Словом, дело шло, Эдик работал почти без сна. В мастерской установили несколько рабочих мест, и он переходил от одного к другому, а братья неслышно, незаметно убирали за ним мусор, грязь, пыль, стирали масляные и акварельные пятна, смывали с пола разлитую тушь. Они аккуратно складывали в стопки изрезанную и просто сорванную Эдиком с мольберта бумагу, покрытую акриловыми красками для фона, и собирали это в огромные планшеты с тесемочками и замочками. Им жаль было выбрасывать бумагу ровных, сочных и нежных тонов. Она казалась им почти завершенной работой. Все, что бы ни делал Эдик, имело для них особую ценность и должно быть сохранено бог знает для чего.

Гермес появлялся раз в день, к полудню, задумчиво рассматривал эскизы и, поглаживая сына по кудрявой голове, говорил всегда по-русски:

– Делай, делай, сынок! Пусть все знают! Твоим консультантом будет дядя Шарль. Его послушаются…

Шарлем в кругах, близких к семье Асланянов, звали иногда самого Азнавура. Но чаще называли его именем, полученным при рождении – Варенагом Азнавуряном. Родственниками ему не были, но уважали его и как соплеменника, и как творца, и как влиятельного, богатого человека.

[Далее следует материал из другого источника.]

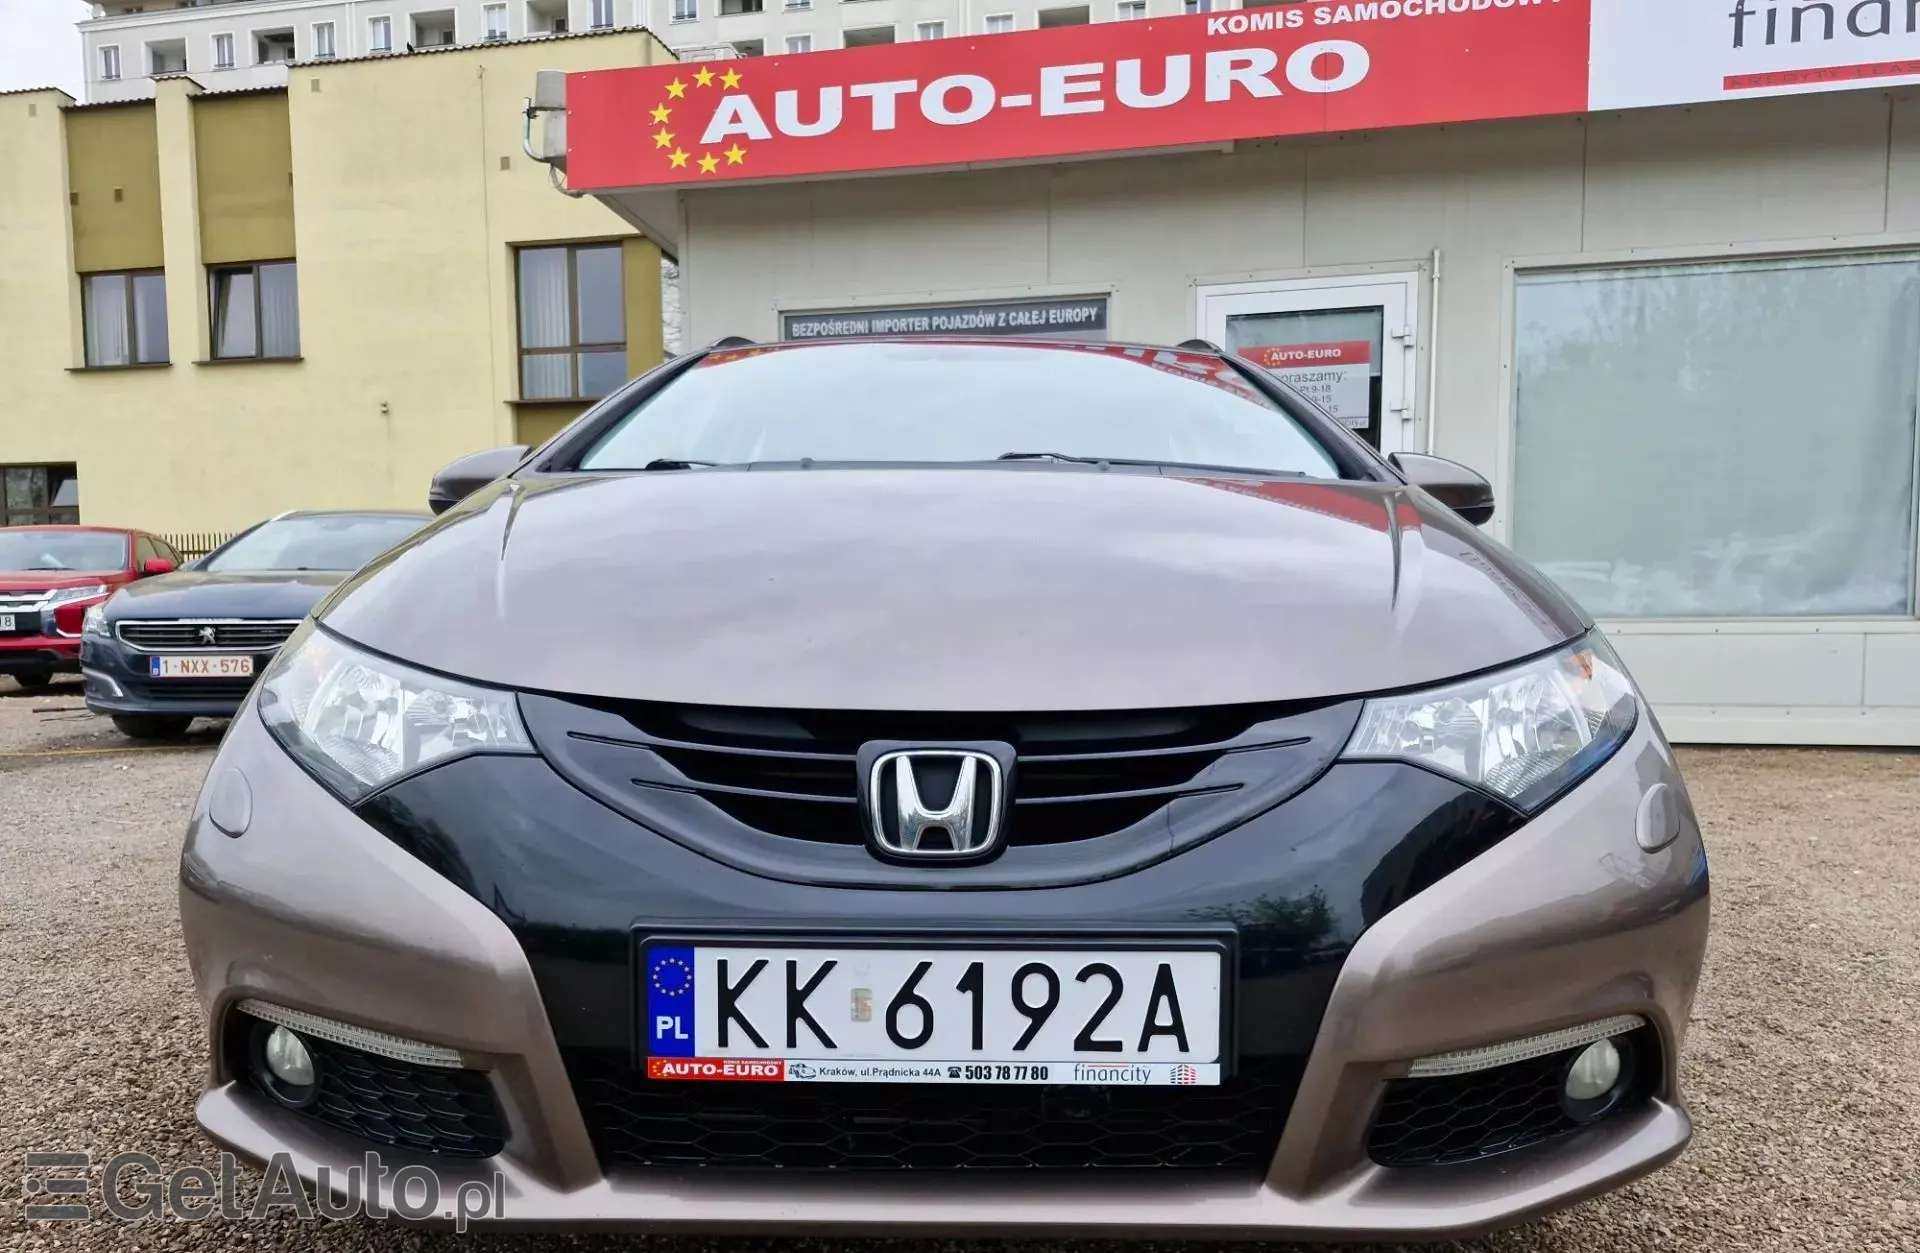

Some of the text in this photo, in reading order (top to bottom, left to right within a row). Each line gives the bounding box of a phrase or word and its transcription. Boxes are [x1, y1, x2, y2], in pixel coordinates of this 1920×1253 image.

Эдик не обращал внимания на папины слова, потому что догадывался о том, что конкурс в Париже будет проходить не так, как проходят конкурсы на его большой родине, когда-то называвшейся СССР. Там не будут иметь значения ни родственные, ни племенные связи, ни даже деньги. Всё дело в таланте исполнителя, в его оригинальности, в качестве эскизов. Поэтому Эдик старался из-за всех сил. Рефреном стала библейская тема, изложенная в национально-художественном ключе. Это было и рождение Христа в ясельках, и первое крещение, и его мать, и впечатляющие встречи с апостолами, и воскрешение Лазаря, и распятие.

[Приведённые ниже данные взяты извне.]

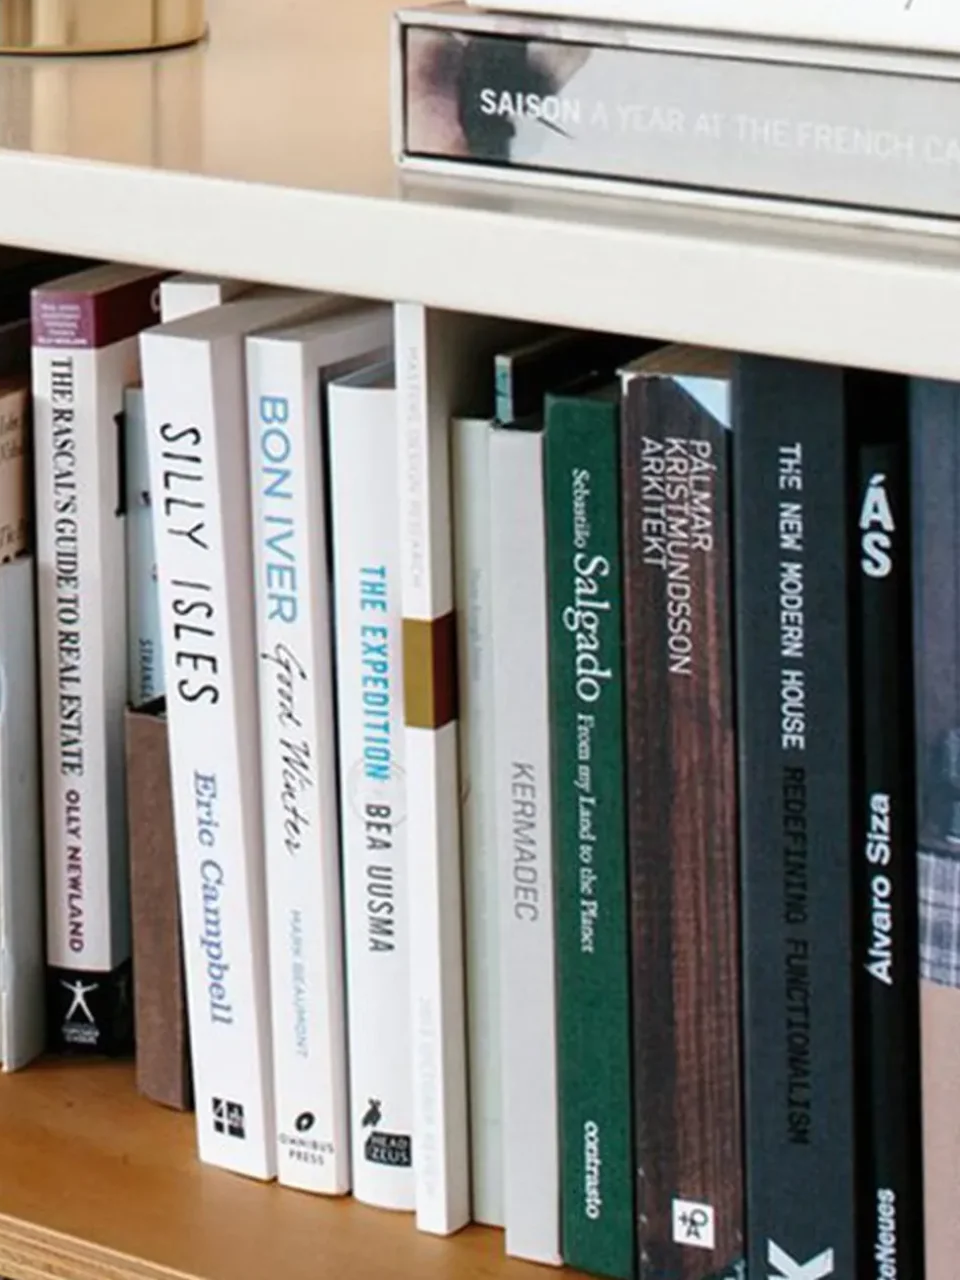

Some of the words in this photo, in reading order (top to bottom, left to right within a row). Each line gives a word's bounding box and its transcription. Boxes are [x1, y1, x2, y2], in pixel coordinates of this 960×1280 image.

[479, 88, 581, 124] SAISON
[591, 100, 609, 132] A
[616, 102, 687, 134] YEAR
[693, 111, 725, 140] AT
[730, 113, 790, 148] THE
[796, 121, 915, 160] FRENCH
[925, 134, 960, 169] CA
[51, 356, 74, 404] THE
[52, 407, 77, 513] RASCAL'S
[159, 422, 209, 550] SILLY
[259, 395, 294, 499] BON
[778, 442, 802, 490] THE
[642, 436, 667, 570] ARKITEKT
[690, 439, 718, 552] PÁLMAR
[779, 502, 803, 552] NEW
[54, 518, 79, 590] GUIDE
[264, 515, 299, 624] IVER
[359, 565, 386, 613] THE
[665, 437, 692, 675] KRISTMUNDSSON
[57, 594, 81, 625] TO
[171, 579, 220, 704] ISLES
[563, 553, 612, 702] Salgado
[780, 562, 804, 658] MODERN
[57, 630, 82, 690] REAL
[261, 642, 307, 728] Good
[58, 694, 84, 779] ESTATE
[361, 624, 391, 783] EXPEDITION
[577, 713, 595, 761] From
[781, 669, 805, 750] HOUSE
[65, 789, 82, 839] OLLY
[194, 769, 220, 848] Eric
[279, 738, 313, 857] Winter
[574, 764, 591, 794] my
[579, 796, 597, 842] Land
[365, 803, 392, 851] BEA
[511, 761, 539, 922] KERMADEC
[579, 844, 593, 864] to
[783, 766, 808, 925] REDEFINING
[866, 793, 891, 866] Siza
[66, 845, 85, 953] NEWLAND
[367, 864, 395, 953] UUSMA
[580, 867, 597, 895] the
[200, 858, 234, 1026] Campbell
[581, 899, 598, 954] Planet
[864, 875, 893, 986] Álvaro
[785, 938, 811, 1145] FUNCTIONALISM
[279, 1133, 334, 1155] OMNIBUS
[289, 1149, 325, 1166] PRESS
[369, 1146, 410, 1165] ZEUS
[584, 1120, 602, 1219] contrasto
[875, 1188, 897, 1280] eNeues

Эдик искренне переживал за своих героев, которые были героями почти половины человечества; его волнение чувствовалось в трепетных, талантливых линиях, начертанных на бумаге его юной рукой. Духовная нетленность и злободневность их образов возбуждало его сознание, приобщая молодое дарование к тому, казалось бы, ясному и простому, что в своем взаимодействии, в конце концов, убеждало его как раз в обратном: в сложности, многоликости единого и в то же время трагически разобщенного христианского мира. Абсурдность, противоречивость этих ощущений властно владели его кистью, его мыслью. Из-за кажущейся плоскости изображений, будто сдвинутых, скошенных в мрачных тонах кривого зеркала, в тенях вечной тайны бытия, проглядывало око национального гения его народа, одним из первых пришедшего к Истине Нового Завета. Будто из глубокого, холодного колодца прошедших тысячелетий поднимались в виде легких, теплых ладанных испарений так и непонятые человеком легенды Христовой трагедии и, преломившись в свете изумленного мира, застывали на талантливых полотнах Эдика Асланяна.

Максимилиан Авдеевич один раз, без предупреждения, заехал в мастерскую Асланянов, но не был допущен внутрь неумолимым, скупым на слова Карапетом. Профессор обиделся и гордо удалился, блестя старческими, давно уже теряющими первоначальный цвет глазами.

О его неудачном визите стало известно Гермесу Асланяну, и он лично, с охраной, с небывалой помпой заехал за профессором Свежниковым и привез его к сыну. Гермес яростно блеснул глазами на верного стража Карапета, и тот, побагровев, будто бы сдулся.

– Извините моего родственника, – волнуясь, но всё же твердо сказал Гермес профессору. – Он еще молодой, горячий. Не понимает… Он вас не узнал. Деревенский парень, какая у них там культура в горах!